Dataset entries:

********

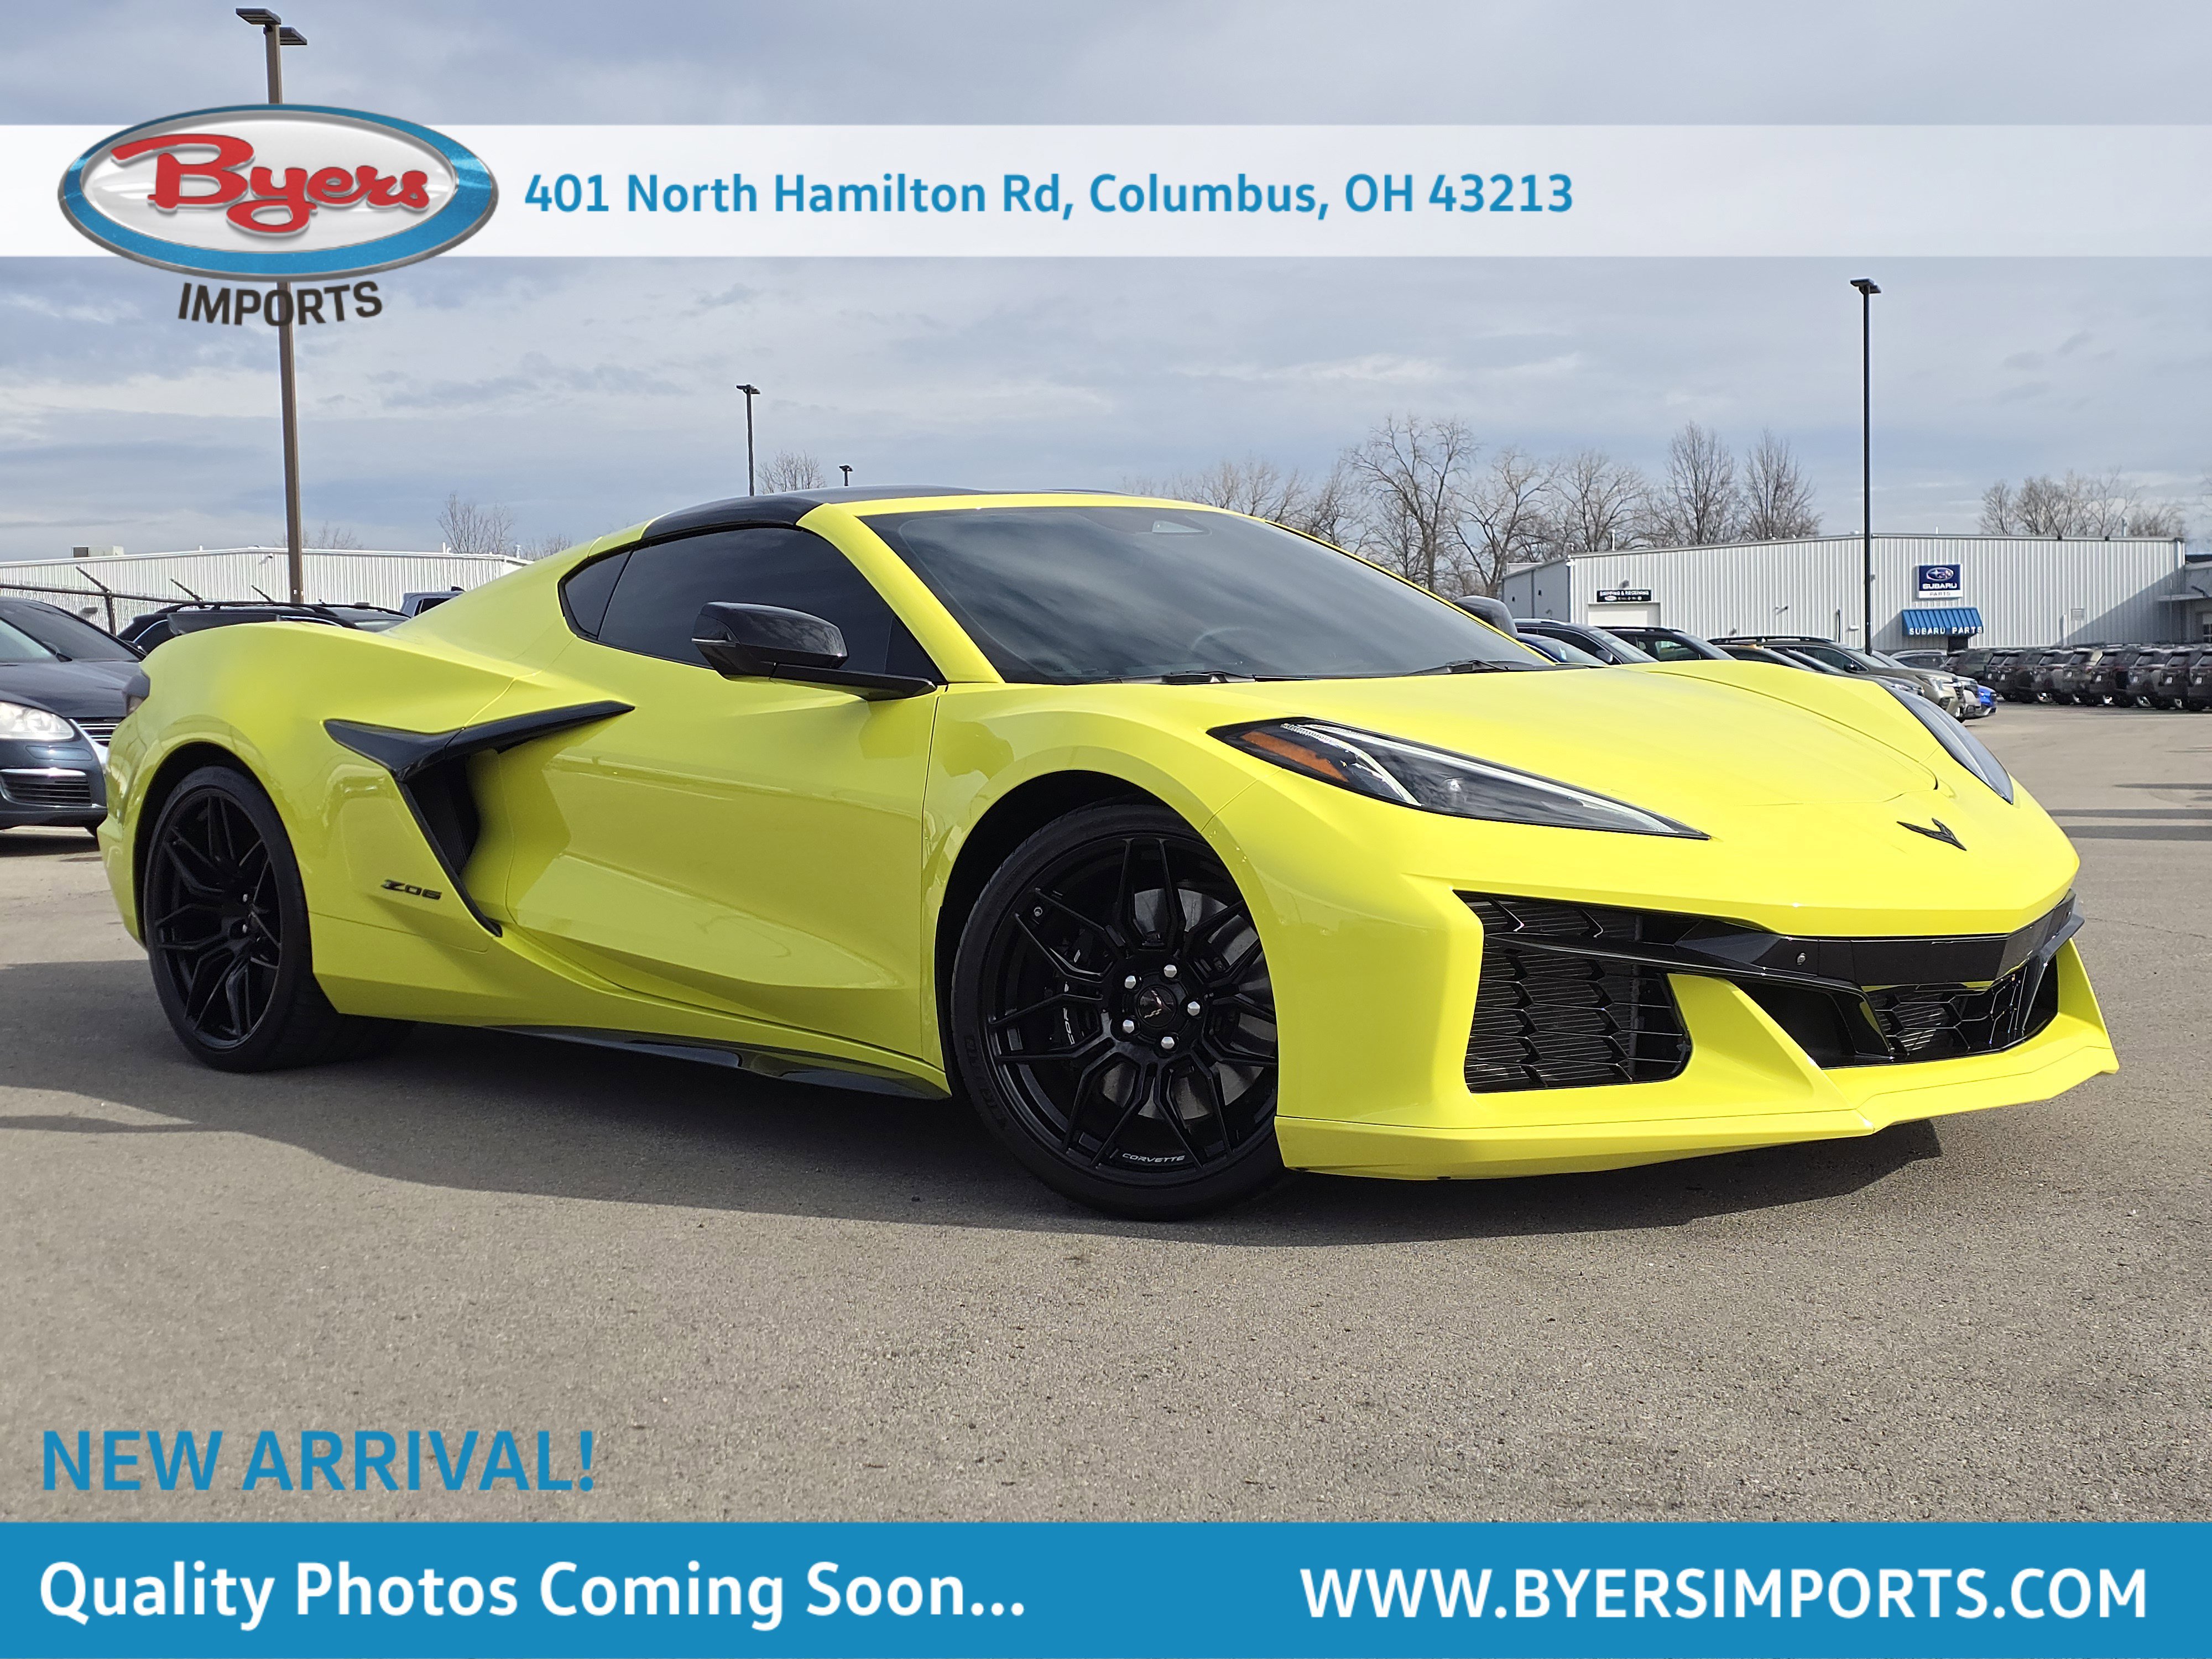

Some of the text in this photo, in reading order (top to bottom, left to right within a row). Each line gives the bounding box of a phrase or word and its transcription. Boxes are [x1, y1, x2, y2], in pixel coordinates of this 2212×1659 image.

[1909, 626, 1983, 635] SUBARU PARTS
[1122, 1153, 1186, 1162] CORVETTE
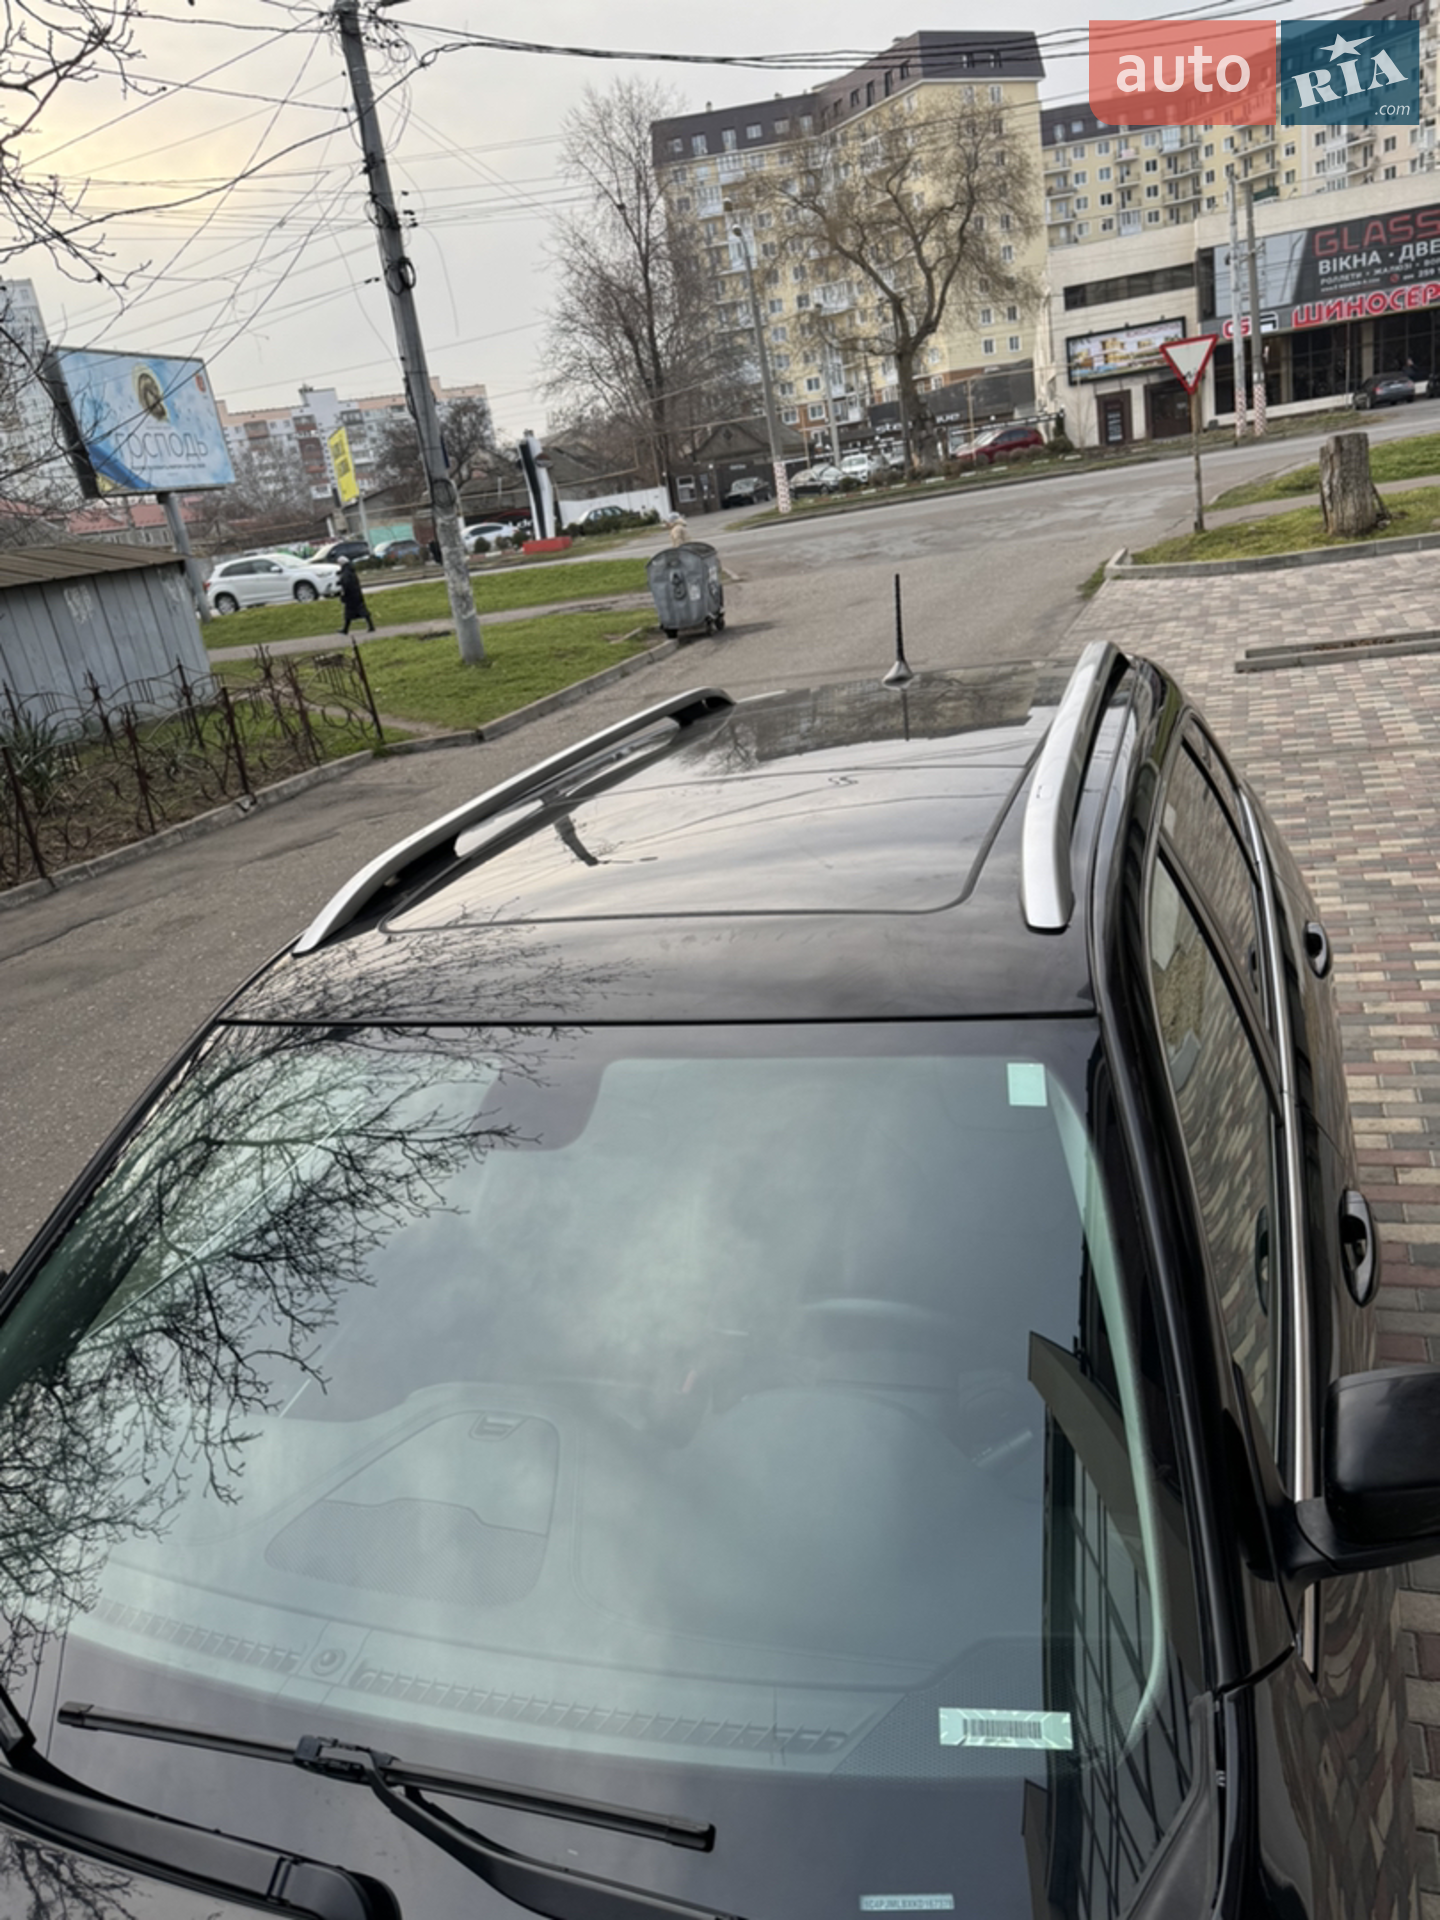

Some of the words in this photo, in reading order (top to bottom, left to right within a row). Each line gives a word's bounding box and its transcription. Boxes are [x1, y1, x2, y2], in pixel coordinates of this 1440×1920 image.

[1314, 209, 1440, 257] GLASS
[1318, 250, 1382, 276] ВІКНА
[114, 433, 209, 461] ГОСПОДЬ

********

### TASK GOAL:
Omit all pictures while transcribing the entries verbatim.

### RESULT:
Some of the text in this photo, in reading order (top to bottom, left to right within a row). Each line gives the bounding box of a phrase or word and its transcription. Boxes are [x1, y1, x2, y2], in pixel coordinates of this 2212×1659 image.

[1909, 626, 1983, 635] SUBARU PARTS
[1122, 1153, 1186, 1162] CORVETTE

Some of the words in this photo, in reading order (top to bottom, left to right within a row). Each line gives a word's bounding box and its transcription. Boxes are [x1, y1, x2, y2], in pixel coordinates of this 1440×1920 image.

[1314, 209, 1440, 257] GLASS
[1318, 250, 1382, 276] ВІКНА
[114, 433, 209, 461] ГОСПОДЬ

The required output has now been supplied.